Tennessee senators voted Tuesday to open the door to formal Senate debate on the most wide-ranging rewrite of U.S. immigration policy since 2007 and indicated their desire to see real reforms occur.

The Senate voted 82-15 to bring the bill to the floor, which seeks to re-establish the process by which more than 11 million undocumented immigrants in the U.S. could gain legal status. Both Sens. Lamar Alexander and Bob Corker were among the 27 Republicans to vote in favor of the measure.

All 15 senators voting against the bill were Republicans.


Although both Alexander and Corker offered statements expressing general optimism for working to ensure meaningful reforms to U.S. immigration policy, neither of the senators indicated if they would be able to support the current bill all the way to final passage.

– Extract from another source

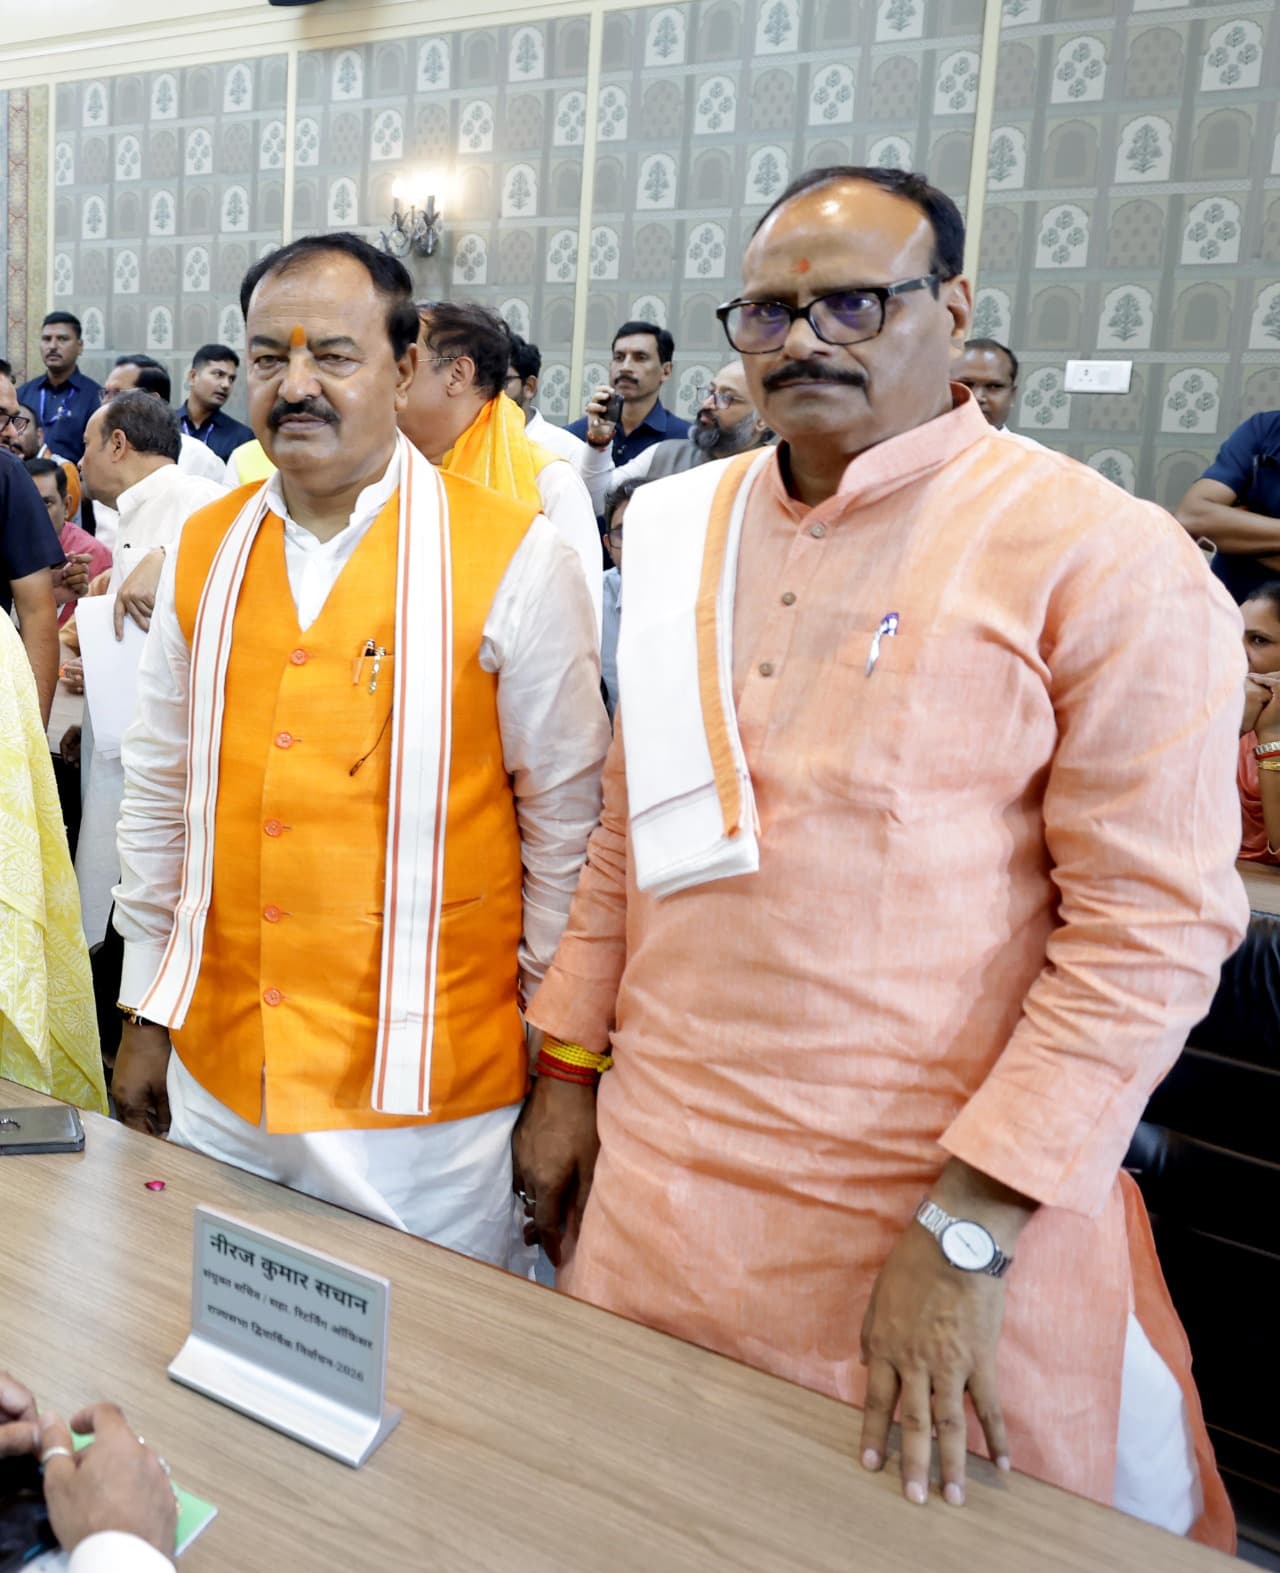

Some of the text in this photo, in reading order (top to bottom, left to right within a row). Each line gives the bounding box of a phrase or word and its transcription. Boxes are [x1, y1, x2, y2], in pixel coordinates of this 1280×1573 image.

[209, 1233, 368, 1315] नीरज कुमार सचान

The bipartisan legislation, which was put forward by a group of eight senators, has also gained support from President Barack Obama.

In an emailed statement, Corker said he was weighing the bill from several angles.

“From many different standpoints-national security, economic competitiveness and the rule of law-I don’t think our country can afford to keep kicking the can down the road on immigration reform, so I voted to debate the issue,” Corker said. “I hope as the bill is debated, the border security and visa overstay issues will be addressed in a way that allows me to support this bill.”

Recently, Corker suggested the bill as proposed did not sufficiently satisfy his concerns regarding U.S. border security and visa overstay issues, according to a Tennessean report. Corker, a former Chattanooga mayor, is ranking member on the Senate Foreign Relations Committee.

In an emailed statement, Alexander said he voted to open debate on the measure because he saw it as an opportunity to debate the nation’s issues with border security and to “fix a broken system.”

“Millions here illegally have de facto amnesty,” Alexander said. ‘We are excluding scientists and workers who could help grow our economy. It is the constitutional responsibility of the president and Congress to write the rules for a legal immigration system and to enforce them. This was the first of many votes, and after examining this legislation and every amendment closely, I will be voting to secure our border, end de facto amnesty and create an effective immigration system that respects the rule of law.”

Debate on the bill is expected to occur over the next two weeks, with a final Senate vote occurring in early July. From there, the bill will be taken up in the House of Representatives.